Evaluation of two yellow fever vaccines for routine immunization programs in Argentina

Although highly effective vaccines have been available for almost 70 years, an estimated 200,000 cases of YF, including 30,000 deaths, still occur annually. This study evaluated the safety of two yellow fever ( YF) vaccines [Stamaril (TM) and Vacina Contra Febre Amarela ( VCFA)]. A total of 2,514 subjects were randomized equally to receive Stamaril or VCFA. Immediate reactions occurring within 30 minutes after vaccination, and solicited local and systemic reactions occurring within eight days, were monitored. Unsolicited local, systemic adverse events and serious adverse events ( SAE) were recorded for 21 days after vaccination. Solicited local and systemic adverse reactions were reported by 15.3-17.6% and 30.4-31.6% of the Stamaril and VCFA groups, respectively. Only 56 of the 2,514 study subjects (2.2%) reported a severe solicited adverse reaction, 25 in the Stamaril group (1.99%) and 31 in the VFCA group ( 2.49%), ( p = 0.403).
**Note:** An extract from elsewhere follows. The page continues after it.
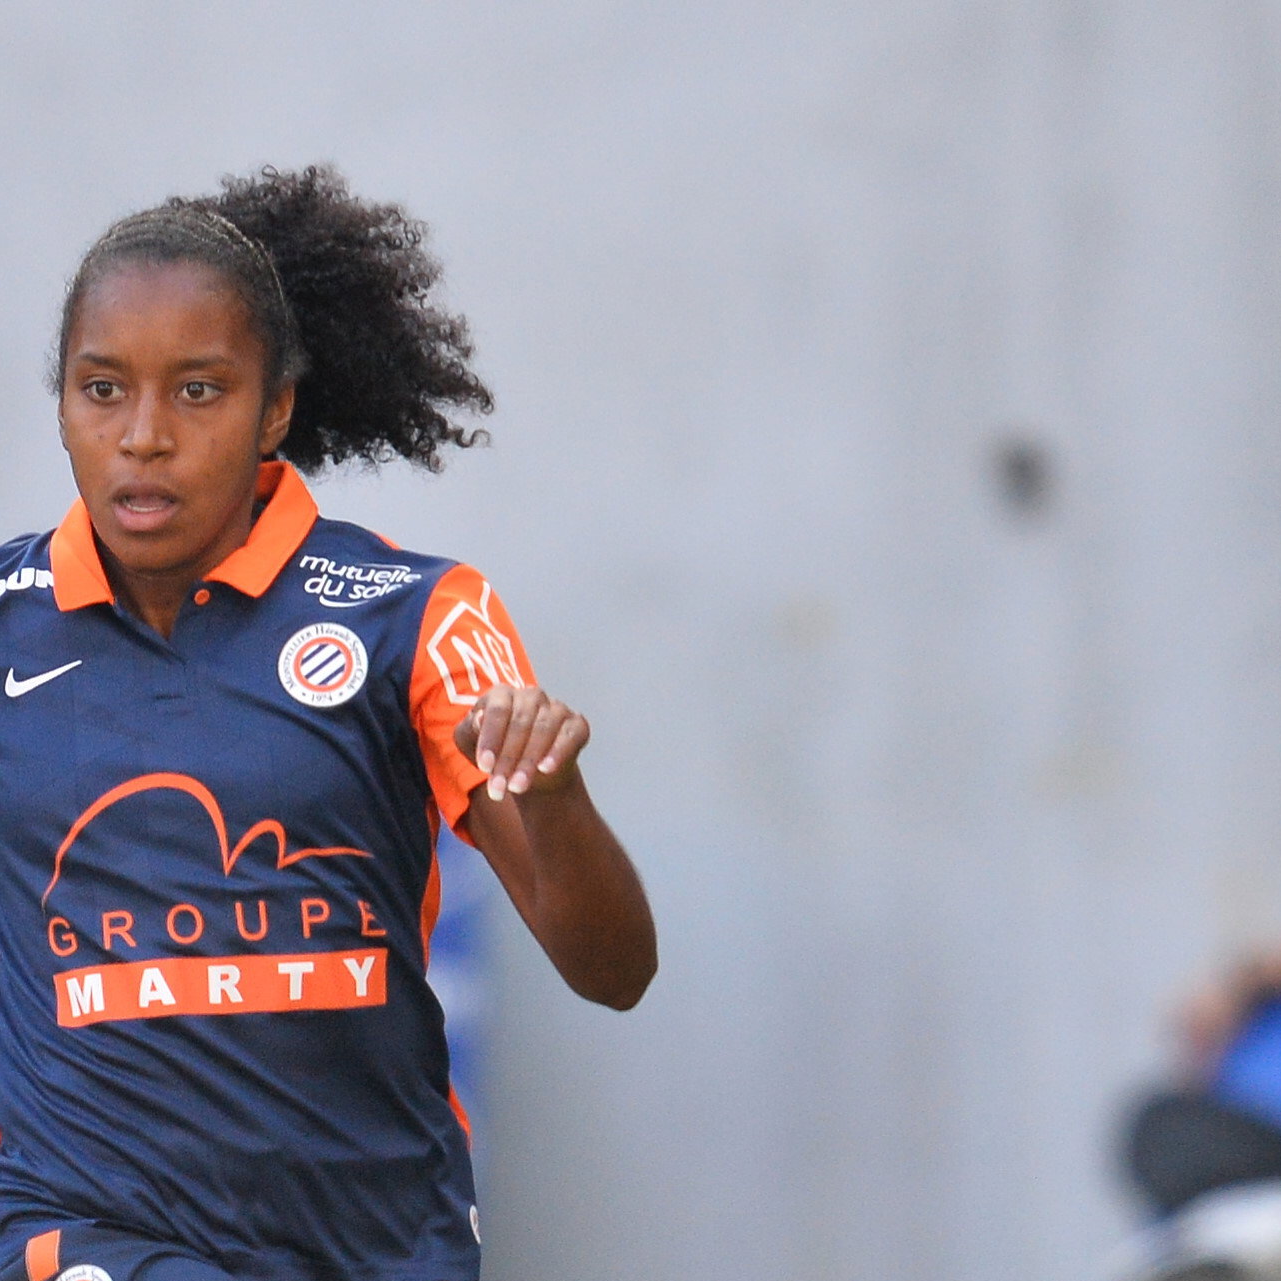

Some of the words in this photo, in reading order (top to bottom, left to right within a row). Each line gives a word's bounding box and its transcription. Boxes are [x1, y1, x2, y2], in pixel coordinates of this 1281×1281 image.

[304, 573, 345, 596] du
[47, 897, 387, 957] GROUPE
[66, 955, 376, 1018] MARTY
Ten subjects ( 0.8%) in each group reported at least one severe solicited local reaction ( p = 0.988). A total of 18 Stamaril subjects (1.43%) and 21 VCFA subjects (1.68%) reported at least one severe solicited systemic reaction (p=0.617) One SAE considered related to vaccination occurred, polymyalgia in the VCFA group. No immediate reactions to vaccination were seen. Vaccine-related unsolicited events were infrequent, 1.4% in the Stamaril group and 2.0% VCFA group, generally of mild or moderate intensity. We conclude that the safety profiles of Stamaril and VCFA support routine vaccination to prevent YF in residents of and travelers to endemic areas of South America and Africa.